**Record set:**
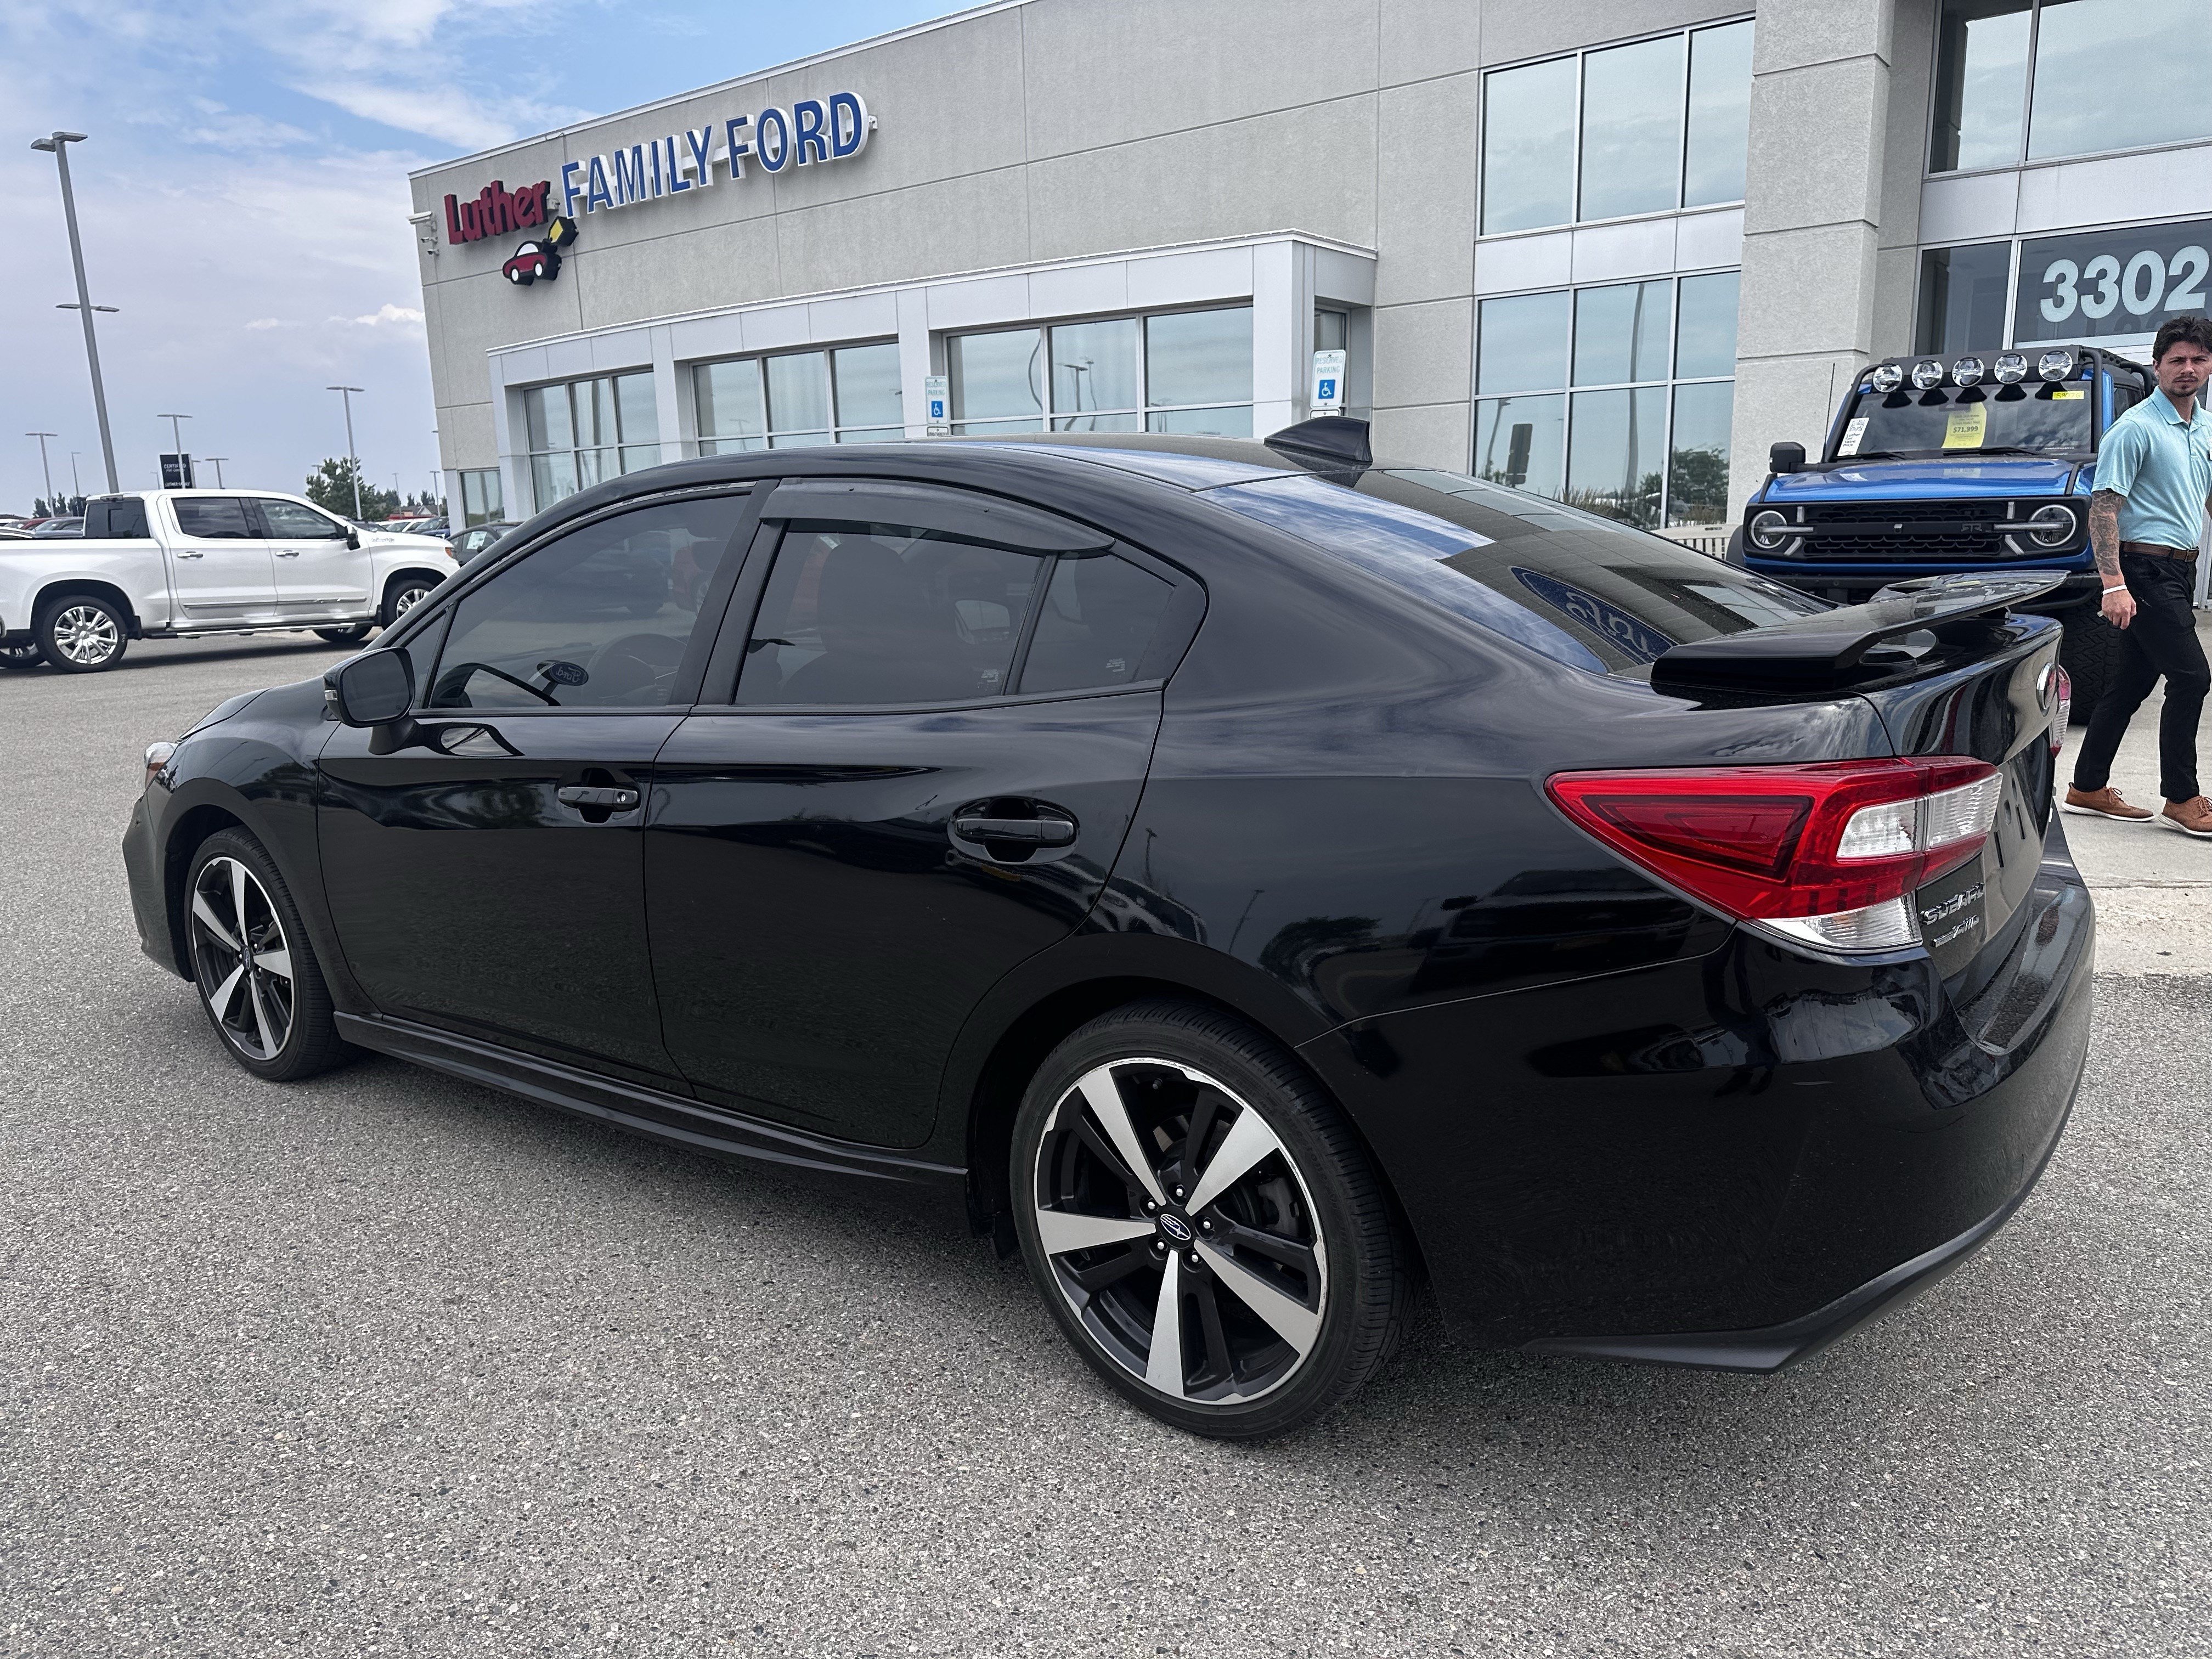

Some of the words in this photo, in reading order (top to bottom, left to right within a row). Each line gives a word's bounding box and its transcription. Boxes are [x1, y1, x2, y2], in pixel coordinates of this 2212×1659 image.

[444, 180, 551, 245] Luther
[561, 124, 713, 219] FAMILY
[725, 91, 869, 180] FORD
[2040, 245, 2210, 323] 3302
[1315, 356, 1344, 364] RESERVED
[1920, 881, 1984, 926] SUBARU

**What you have to do:**
Give back the full listing verbatim, skipping each picture.

**Answer to this problem:**
Some of the words in this photo, in reading order (top to bottom, left to right within a row). Each line gives a word's bounding box and its transcription. Boxes are [x1, y1, x2, y2], in pixel coordinates of this 2212×1659 image.

[444, 180, 551, 245] Luther
[561, 124, 713, 219] FAMILY
[725, 91, 869, 180] FORD
[2040, 245, 2210, 323] 3302
[1315, 356, 1344, 364] RESERVED
[1920, 881, 1984, 926] SUBARU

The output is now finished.